How does cryptography protect block chains ?, Cryptography is a protected area

**Cryptography is a science that Applies mathematical functions to ensure data security.**

Many popular movies and TV works imply that any system can be cracked if there are enough hackers. This "Hollywood hacker attack" is not a real-world scenario-hackers must discover system vulnerabilities, for example, an unlocked server room, a password that is easy to guess, an unprotected network port, or an internal "backdoor" is installed to achieve unauthorized access.

Although we can never ensure that a system does not have any vulnerabilities-after all, the system is done by imperfect humans, but the idea that "any system can be broken" is wrong.
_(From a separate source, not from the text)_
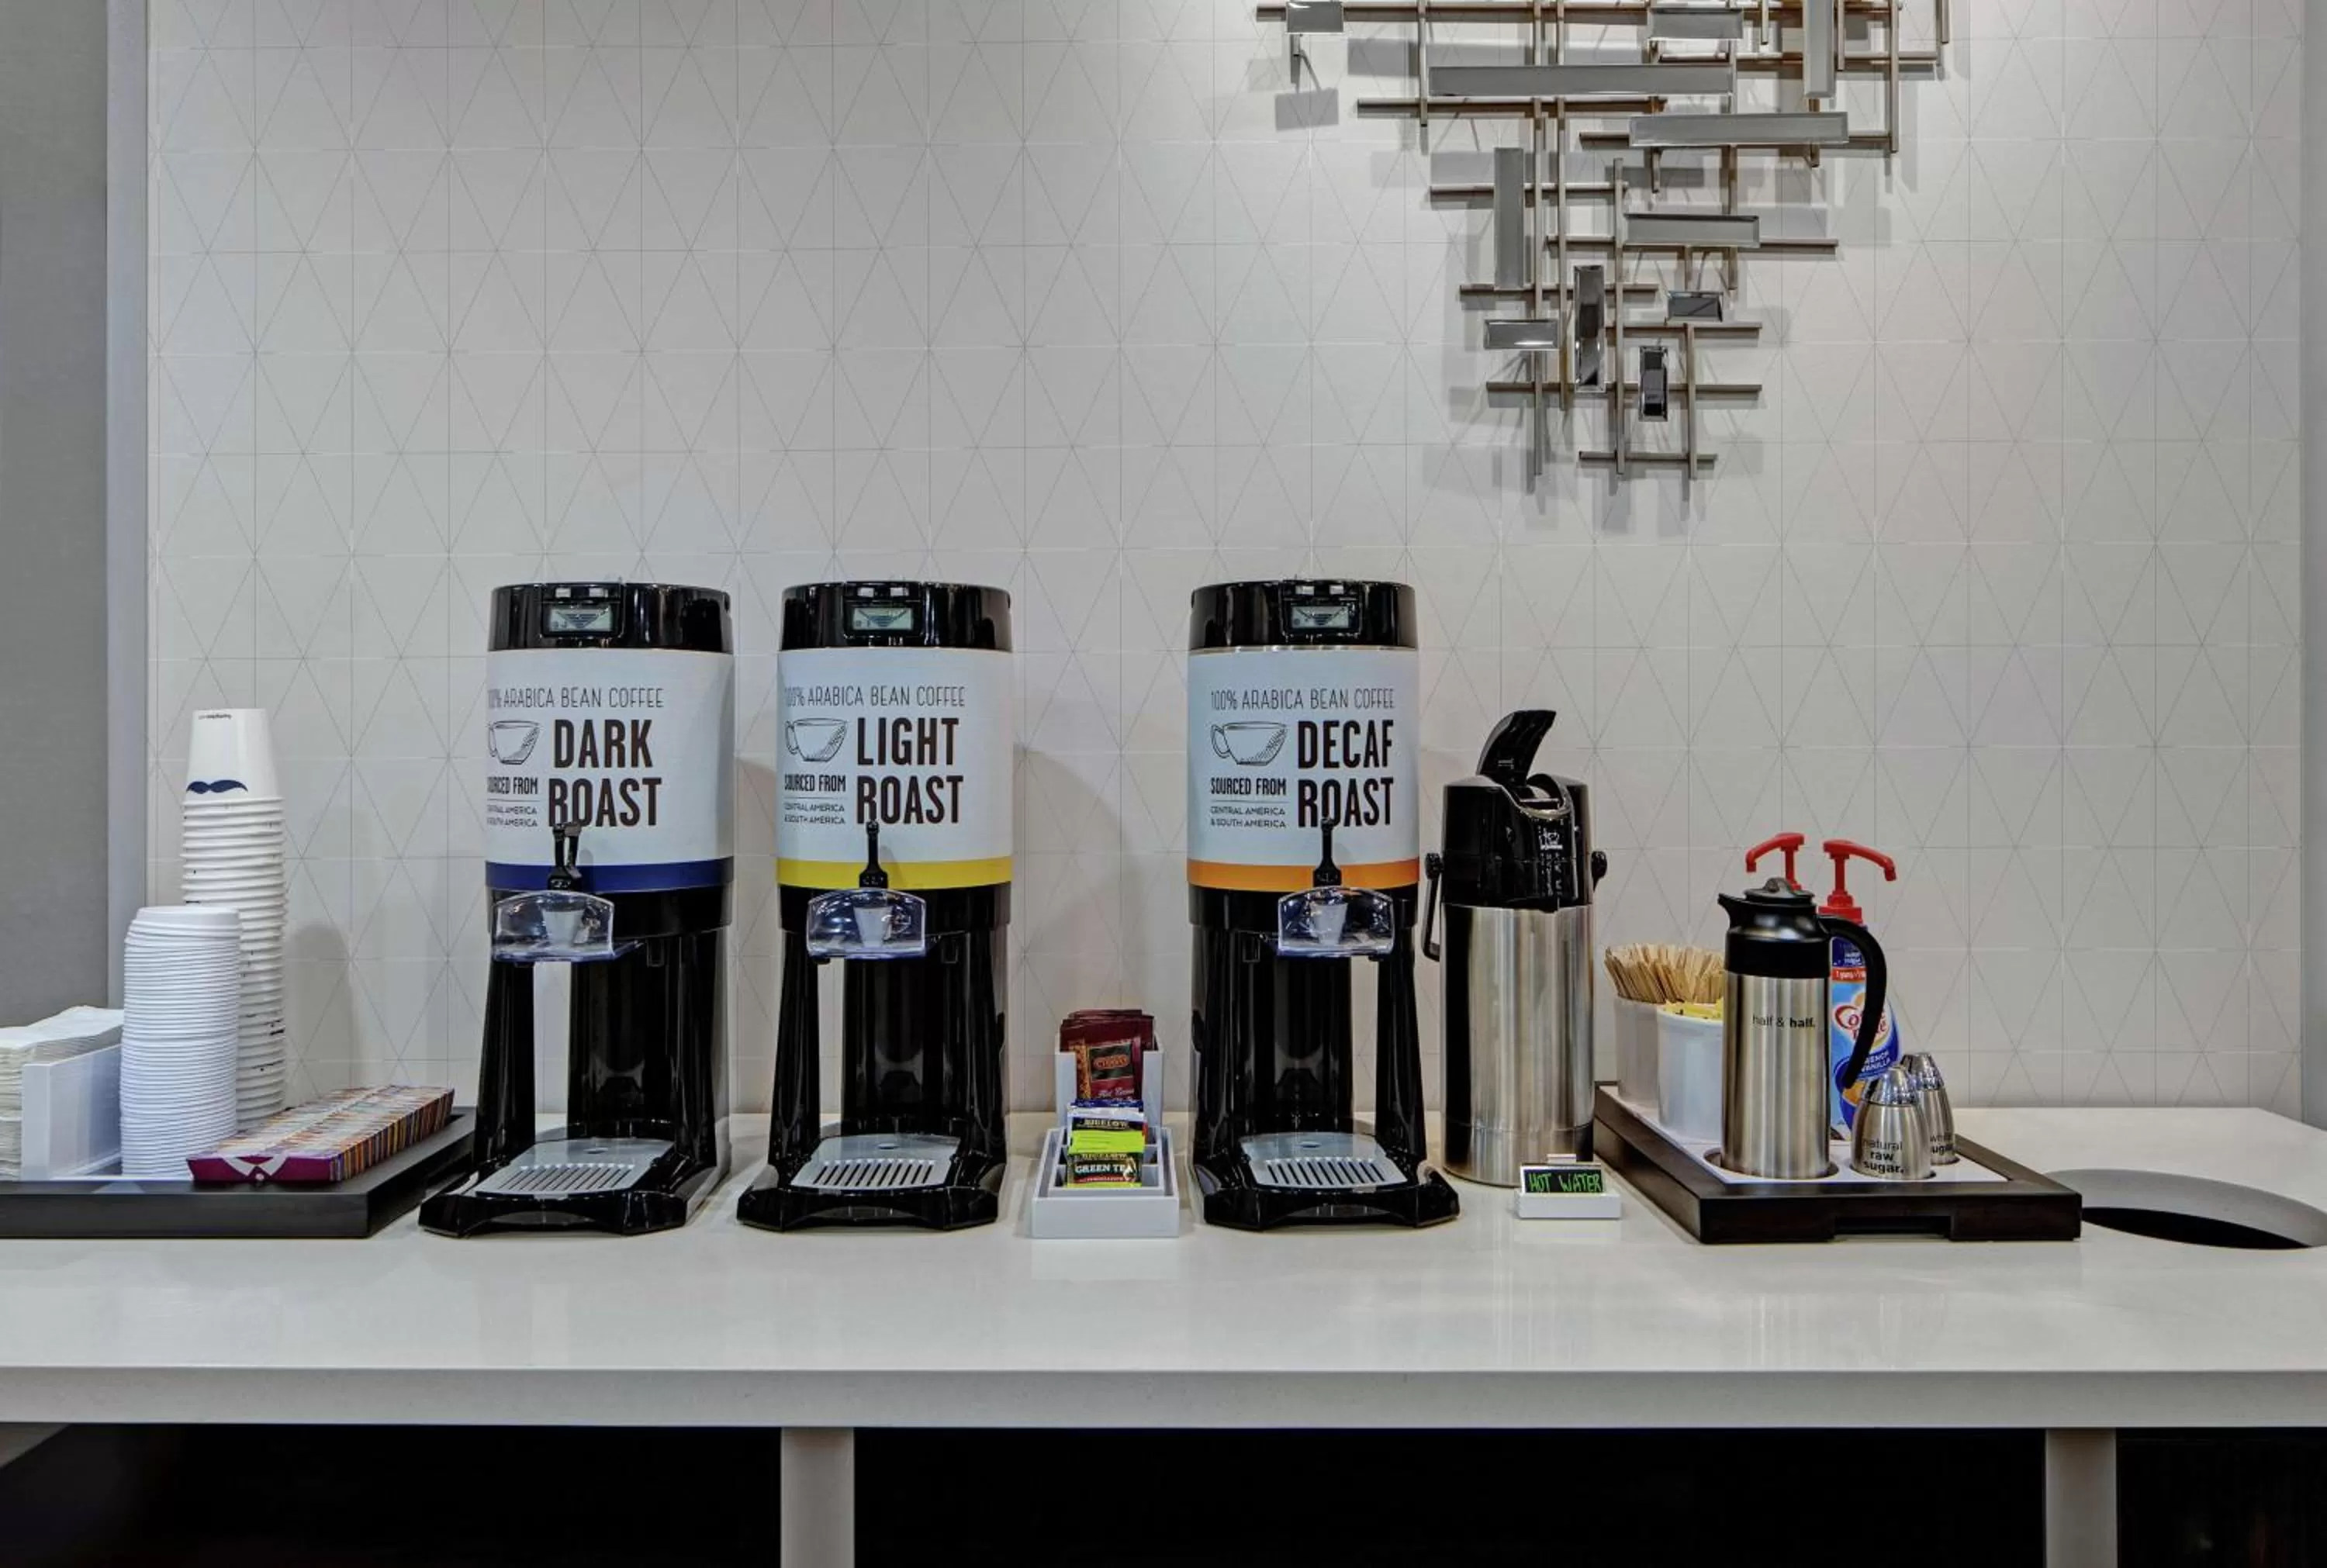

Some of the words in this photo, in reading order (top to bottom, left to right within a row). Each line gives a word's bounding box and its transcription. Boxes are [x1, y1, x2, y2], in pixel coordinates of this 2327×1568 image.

Since the beginning of 1990s, password technology has been used to completely protect against hacker attacks. However, this technology sometimes leaves space for hackers to use in applications.

Cryptography itself will not be cracked by hackers to generate forged digital signatures (definitions will be provided immediately ), just as mathematics cannot be attacked by hackers, SO 2 + 2 = 5-Although cryptography and mathematics may be mistakenly used. If a system using cryptography is cracked, it is only possible that the designer mistakenly applies cryptography. This is not because cryptography does not work, it's not because someone "cracked" Cryptography-it's not a mathematical error when your bank mistakenly handled your account, and your mom was infected with computer viruses by downloading unfamiliar attachments. is not the same as an email error. This is an important feature Because Bitcoin is a very direct Cryptographic Application.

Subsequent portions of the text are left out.